Dominican Republic – Sexually transmitted infections (STIs) continue to show a worrying increase worldwide. According to the World Health Organization, there are more than one million new cases of sexually transmitted infections every day, most of which are asymptomatic.
Dr. Stacey Rizza, an infectious disease specialist at the Mayo Clinic, warned that multiple factors could explain the continued rise in STIs in recent years. According to Dr Riza, education is key and a fundamental step in reducing the risks associated with these infections, which in the long run can have serious consequences for individual health and society as a whole.
“In recent years, we have seen a worrying increase in various sexually transmitted infections, especially syphilis,” Dr. Riza said.
Syphilis, chlamydia, and gonorrhea are all bacterial infections that can be effectively treated with antibiotic medicines. It’s worth noting, however, that these drugs are not effective against viral infections such as hepatitis B, human immunodeficiency virus (HIV), and herpes. Also, not everyone who contracts an STI will show noticeable symptoms.
Dr. Riza emphasized that one of the main difficulties in controlling the spread of these infections is the presence of asymptomatic people who can spread these infections to other people.
Early detection, knowledge of risk factors and prevention are critical to combating STIs.
How to prevent STIs?
“The most effective way to prevent most STIs is to use a barrier method of contraception during sexual intercourse,” Dr. Riza noted.

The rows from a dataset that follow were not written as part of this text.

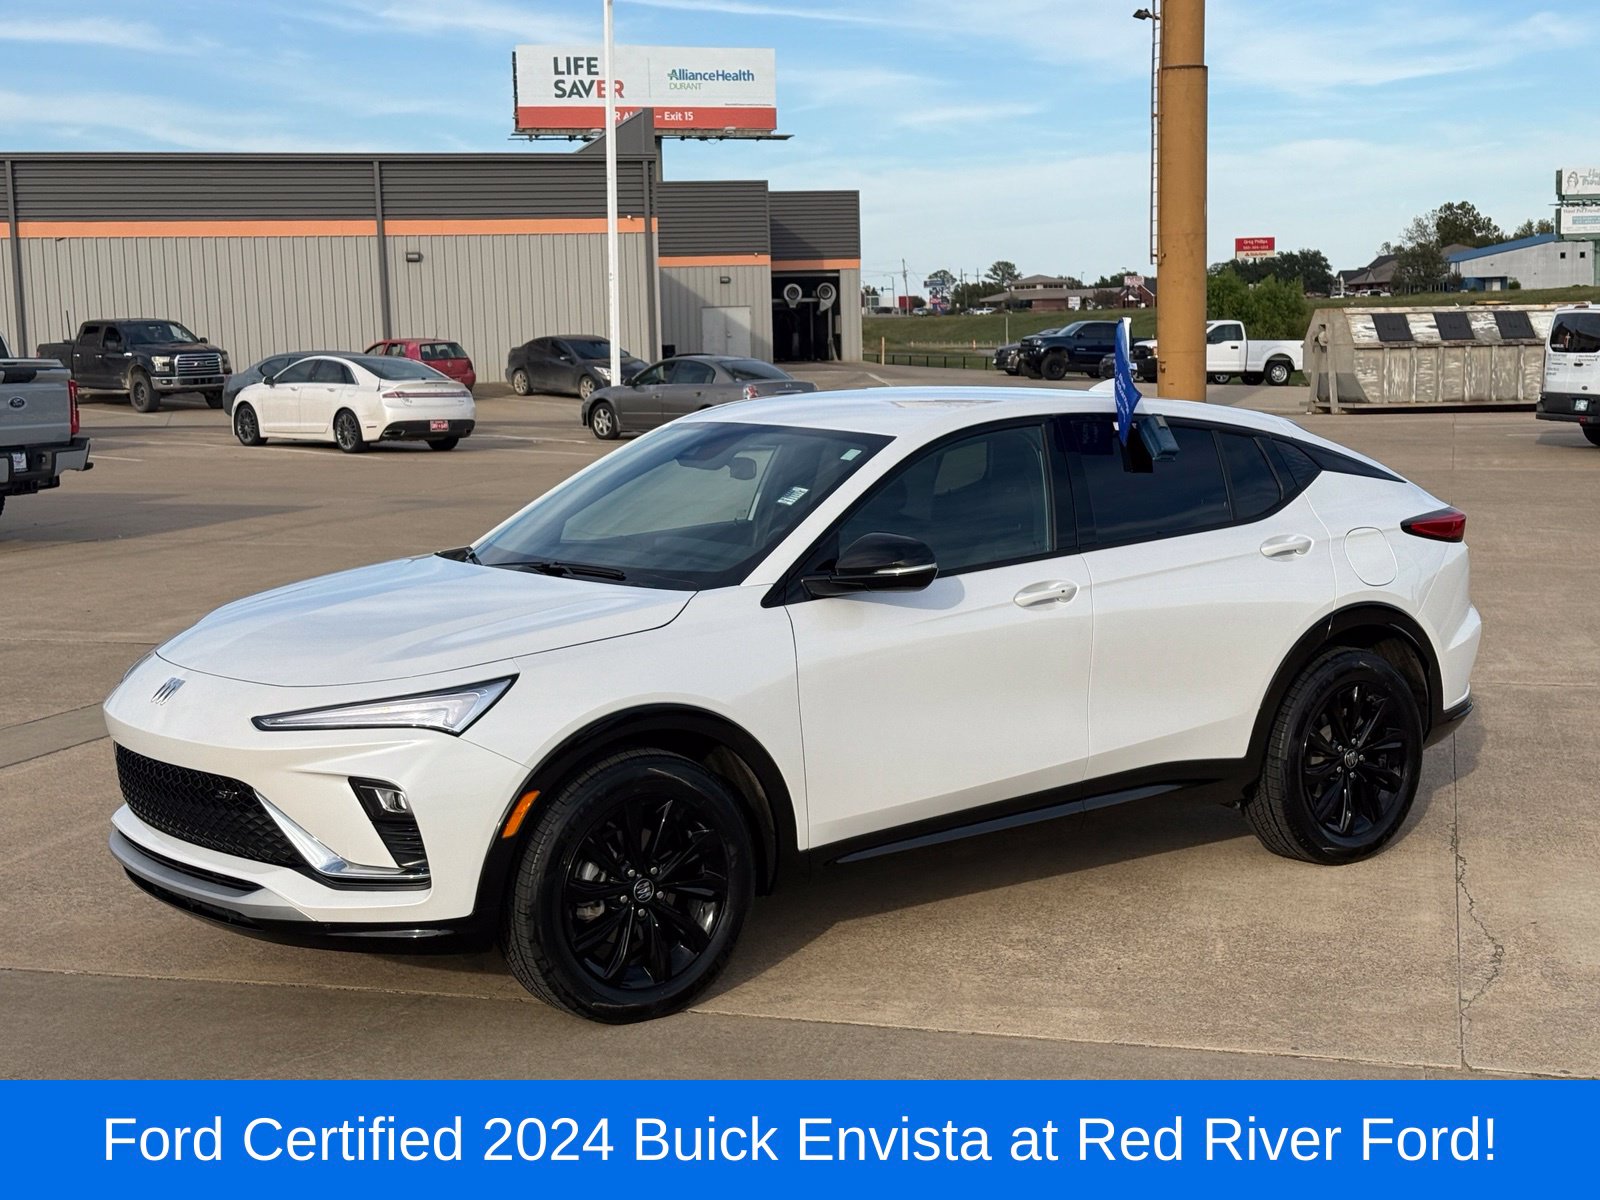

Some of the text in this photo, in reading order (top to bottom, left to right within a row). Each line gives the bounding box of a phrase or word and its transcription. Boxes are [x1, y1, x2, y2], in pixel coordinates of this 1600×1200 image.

[553, 56, 600, 76] LIFE
[667, 68, 755, 82] AllianceHealth
[553, 79, 625, 99] SAVER
[669, 82, 703, 90] DURANT
[664, 111, 682, 121] Exit
[684, 111, 694, 121] 15

This includes things like using condoms or female dental dams. For people at high risk of HIV, a medicine called PrEP (pre-exposure prophylaxis) is available, as well as vaccines to protect against human papillomavirus (HPV) and hepatitis B.
Dr. Riza emphasizes that taking care of yourself means taking care of others as well.

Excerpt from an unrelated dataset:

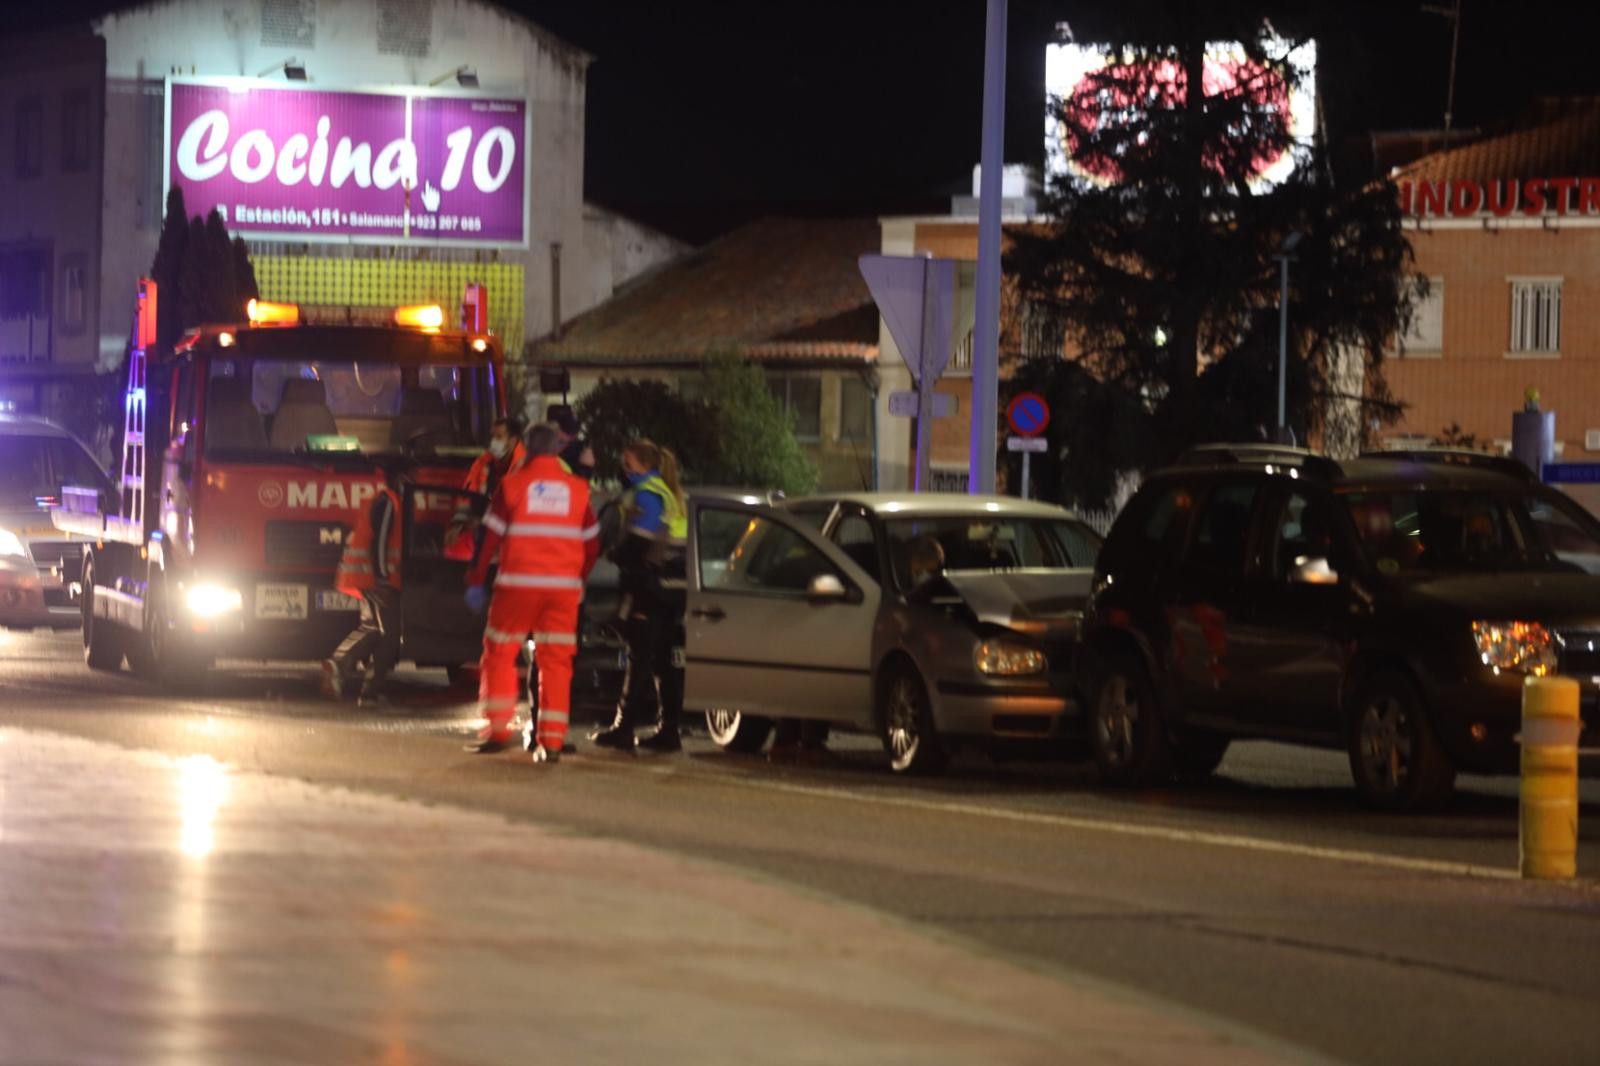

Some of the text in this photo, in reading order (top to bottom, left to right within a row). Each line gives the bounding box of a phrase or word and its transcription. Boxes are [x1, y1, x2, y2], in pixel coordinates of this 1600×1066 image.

[176, 110, 516, 193] Cocina 10
[1401, 177, 1600, 217] INDUSTR
[349, 211, 408, 228] Salamanc

“If you have a new sexual partner or multiple sexual partners, we generally recommend screening every three months, even if you are asymptomatic,” advises Dr. Riza.
Symptoms of STIs
It’s important to remember that it is possible to be exposed to an STI without having any noticeable symptoms. In many cases, a person may become infected without showing obvious signs of disease.
What are the symptoms of an STI?
- Sores or lumps in the genital, mouth, or rectal area.
- Painful or burning urination.
- discharge from the penis.
- An unusual or smelly vaginal discharge.
- Unusual vaginal bleeding.
- Pain during intercourse.
- Irritation and swelling of the lymph nodes, especially in the groin but sometimes in other places as well.
- Pain in the lower abdomen.
If you suspect you have an STI, you should see your doctor, which is why screening tests are important, and it’s important to have the test done by your doctor.